Story and photos by Donna Iverson
"Arugula persists in quiet superiority as the best tasting, most versatile and easiest to prepare salad green," writes Amanda Moll in the Atlantic magazine. I would have to agree with her.
I have been growing arugula for a number of years and enjoying it's tangy, peppery flavor in salads. And I always find myself nibbling on its tender leaves whenever tending the garden bed. Recently, I read it's good on pizza, and may try that very soon.
Although slightly bitter, it is high in nutrients like other wild salad greens including: endive, escarole, purslane, watercress, radicchio, mustard greens and Swiss chard. In fact, the more bitter a lettuce green, the more nutrients it has. These nutrients include something called phytonutrients,as well as Vitamin A, Vitamin C, beta-carotene, calcium, and folate.
My first introduction to arugula was in a fancy restaurant, where it was served with a sweet dressing on a very expensive small plate. A few years ago, arugula seeds were not easy to find, but today they are sold in most seed catalogs and a few grocery stores.

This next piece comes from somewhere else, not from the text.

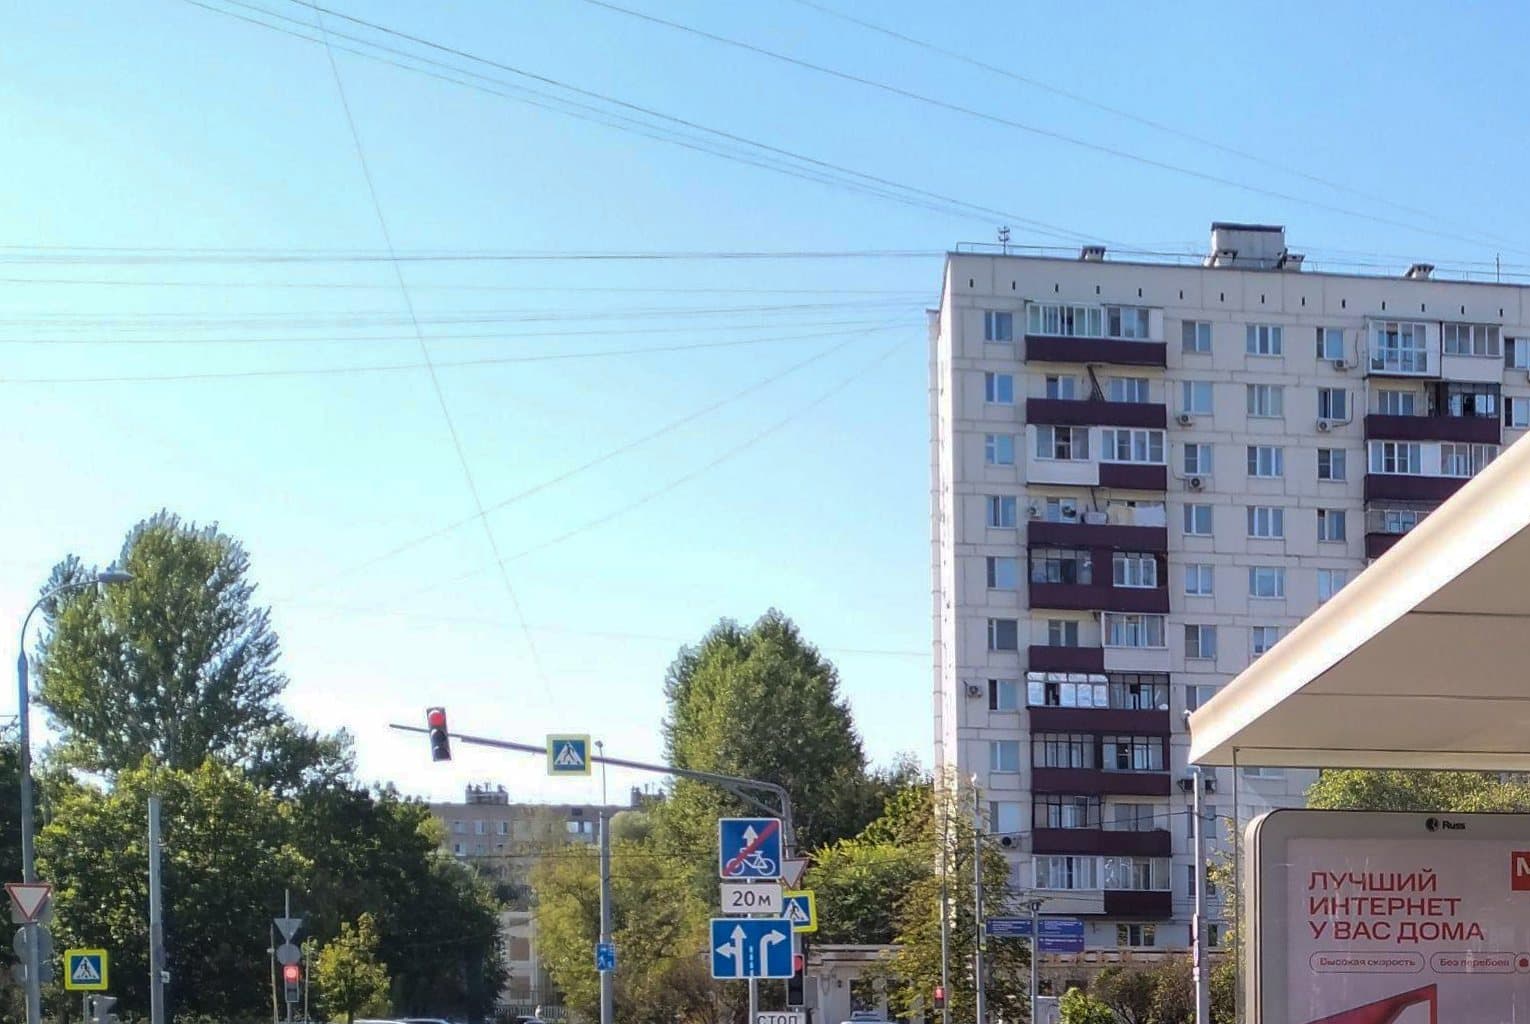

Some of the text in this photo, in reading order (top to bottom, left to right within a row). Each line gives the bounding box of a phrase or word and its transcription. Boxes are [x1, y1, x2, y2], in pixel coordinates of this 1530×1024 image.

A native of the Mediterranean, arugula is popular with Europeans, especially the Italians. And it is getting more and more popular in this country as gardeners find it easy to grow and enjoy it as a flavorful addition to salads or as a salad in its own right,
Like most lettuces, it prefers cooler temperatures, so plant it in the early spring and then again in early fall. The leaves can be harvested on a regular basis, although as they grow larger, they become too bitter for your tastes. Once the plant flowers, it is time to let it go to seed and let the pollinators enjoy it for the rest of the summer. Or pull it out, until the next planting season.
As for preparing it for eating, it is definitely easy ..just wash the leaves and add your favorite dressing. No "massaging" it like you have to do to kale to make it edible. And It doesn't get limp or soggy I see the heaviest dressing.
A member of the mustard family, your fall-planted arugula will survive a light frost. You will have edible leaves in about 6 weeks and the fall crop will be the most flavorful.
While arugula may be a "nontraditional green," you may find it a favorite both in your garden and on your plate.